Camping is also not allowed, and active sports should not be played in the meadows or fields between May 1 and Sept. 1 because those areas are important habitat for wildlife species, according to the commission’s rules.
There are a few picnic tables and grills located behind the caretaker’s buildings at the far end of the paved driveway, as well as a table located along the roadway near a trailhead.
Among the trails offered is a Total Fitness Trail, which provides exercise prompts along the path to help guide a workout that combines cardiovascular conditioning, flexibility and muscle toning. A sign at the beginning of the course—located at the entrance down and to the right of the first mini parking lot, shows the type of exercises recommended at each of about 20 stations along the way. (Note: This path is one of those pine-heavy spots—providing an aromatic bonus during your workout.)

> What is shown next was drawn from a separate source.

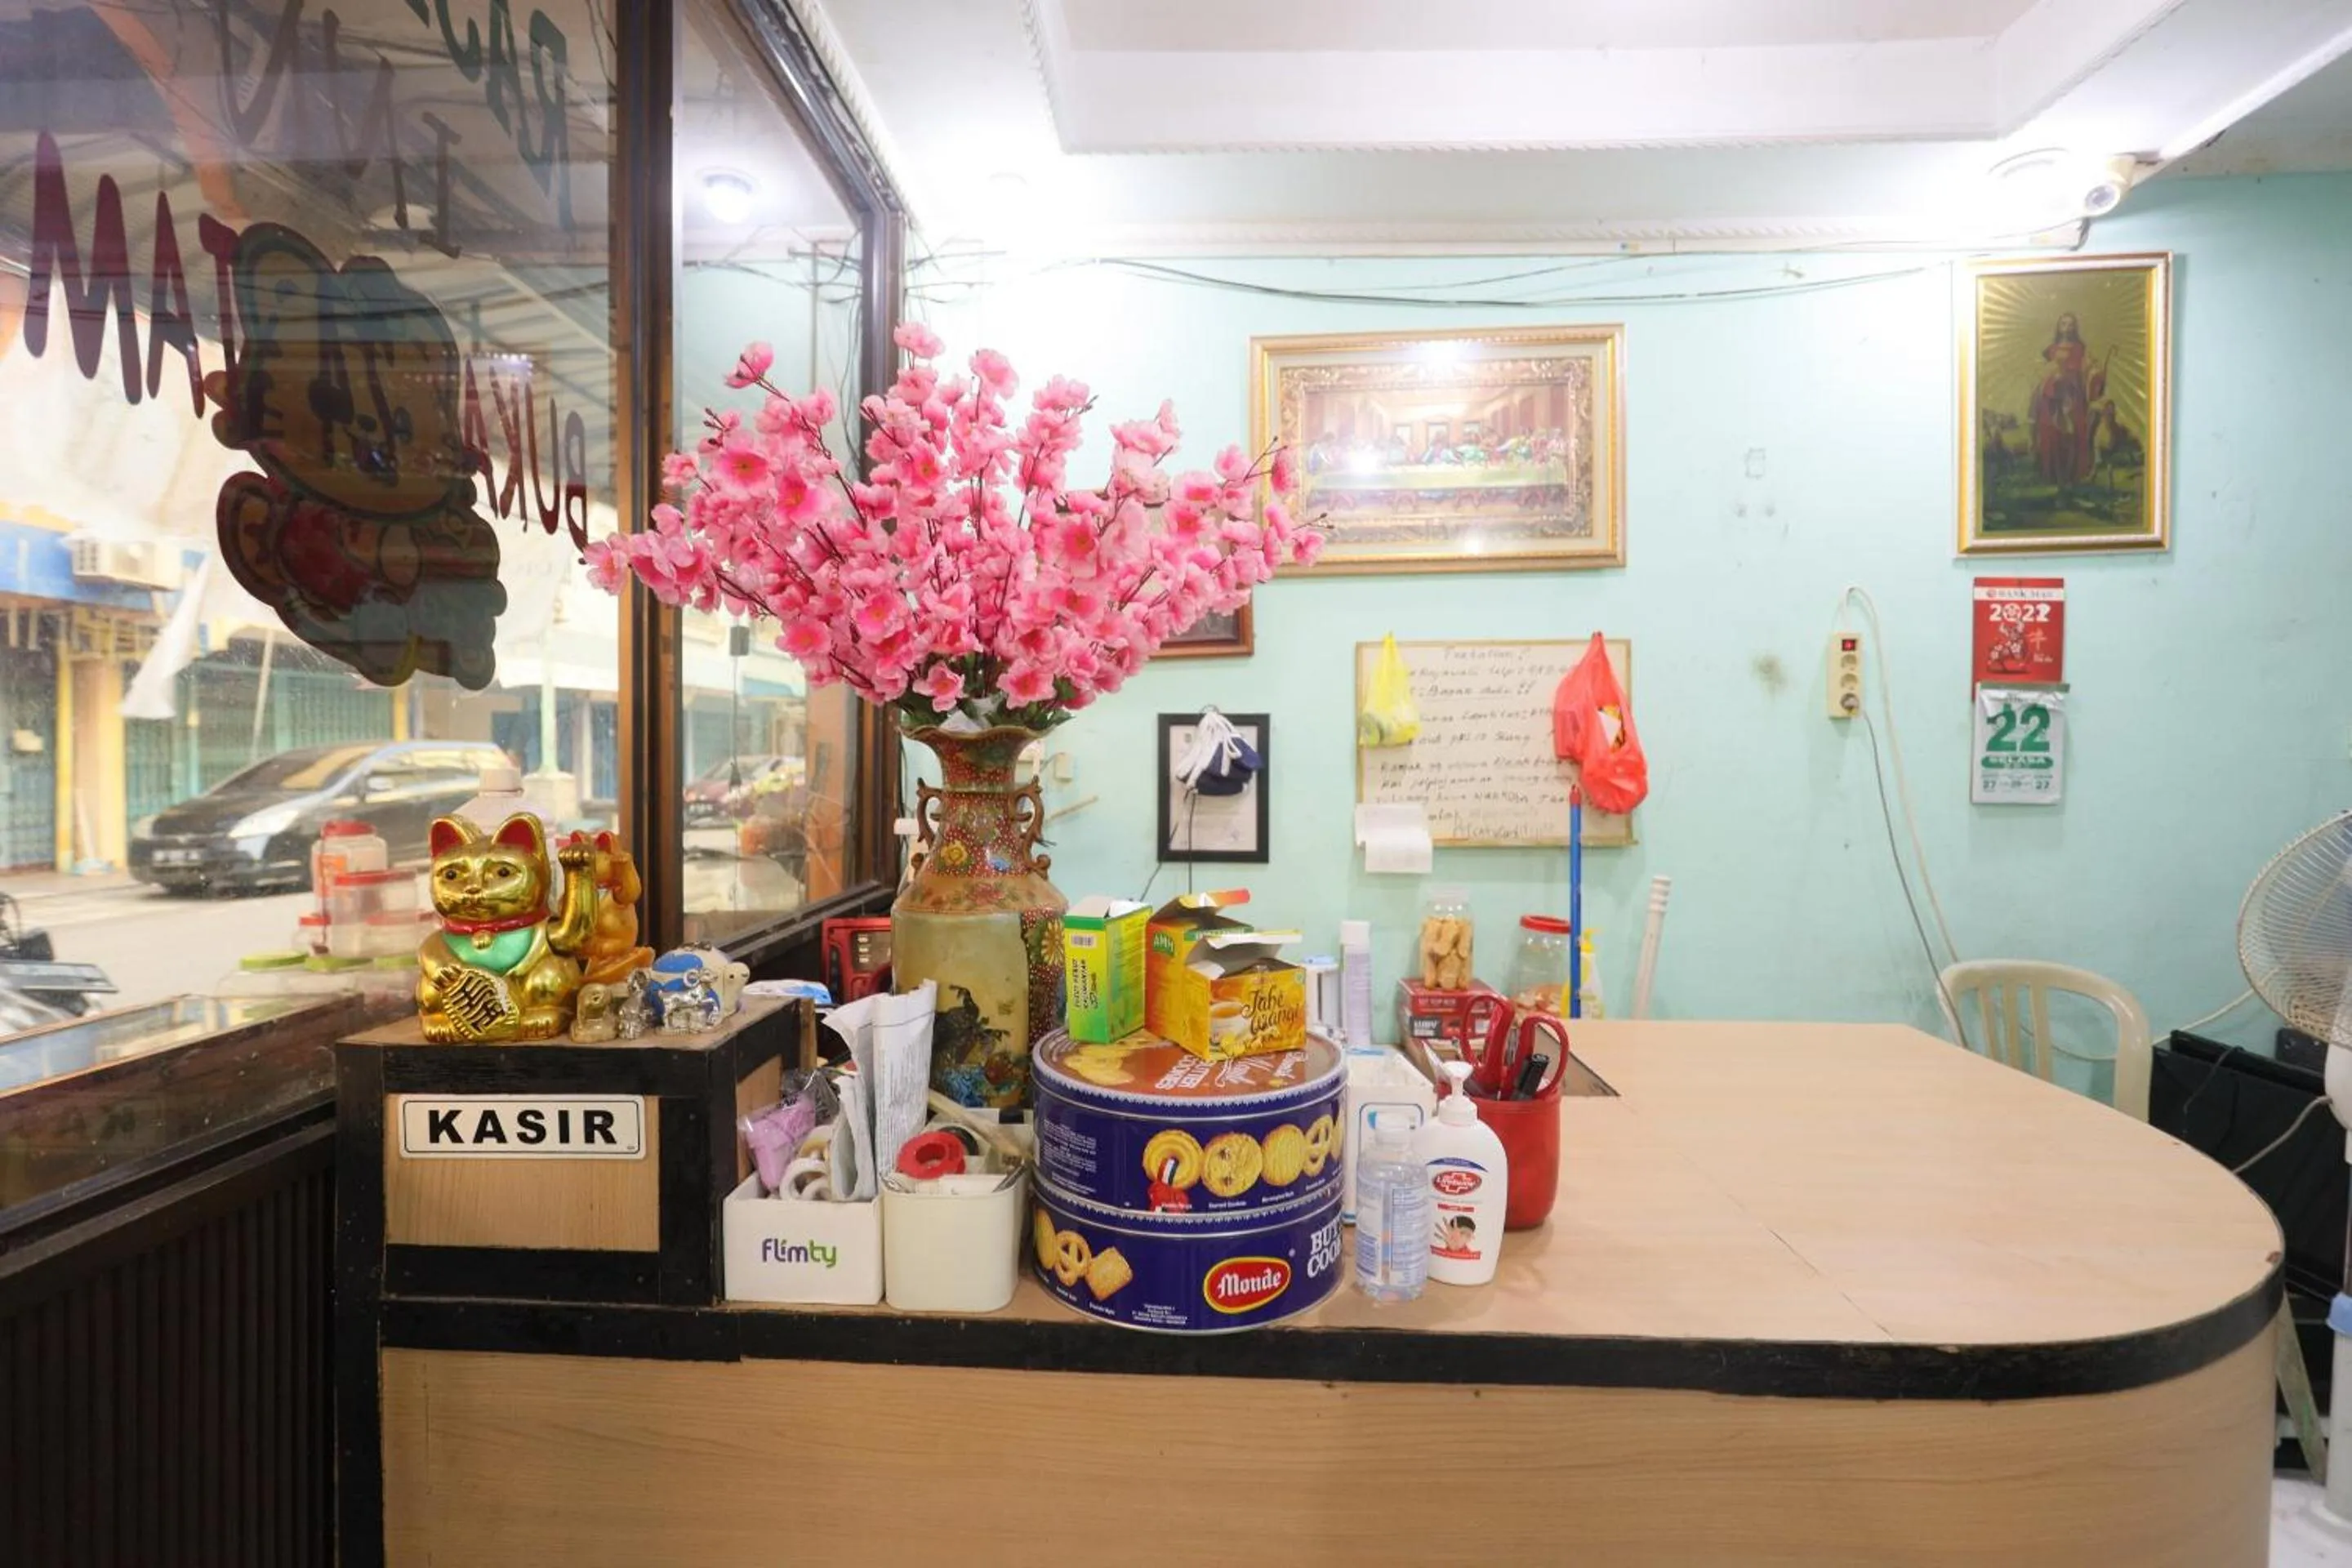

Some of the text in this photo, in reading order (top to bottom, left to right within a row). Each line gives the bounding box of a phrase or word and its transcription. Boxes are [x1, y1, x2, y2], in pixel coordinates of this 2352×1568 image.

Other paths are designated from Class 1—meaning it follows a relatively easy trail—to Class 3—which may involve a little climbing and the use of hands to help pull you over rocks and other rough terrain. One of the Class 3 trails, which follows the ridge line, can be accessed via the entrance to the Total Fitness Trail—instead of following the fitness loop around, you can keep heading north along the Esker Trail. See the map in our photo gallery or find two sizes of printable maps on the town Web site.
Whatever your purpose—whether you challenge yourself with a tougher route, take a short walk for some reflection time or just bring a picnic lunch and enjoy the scenery with your family, Ridge Hill is definitely worth a visit.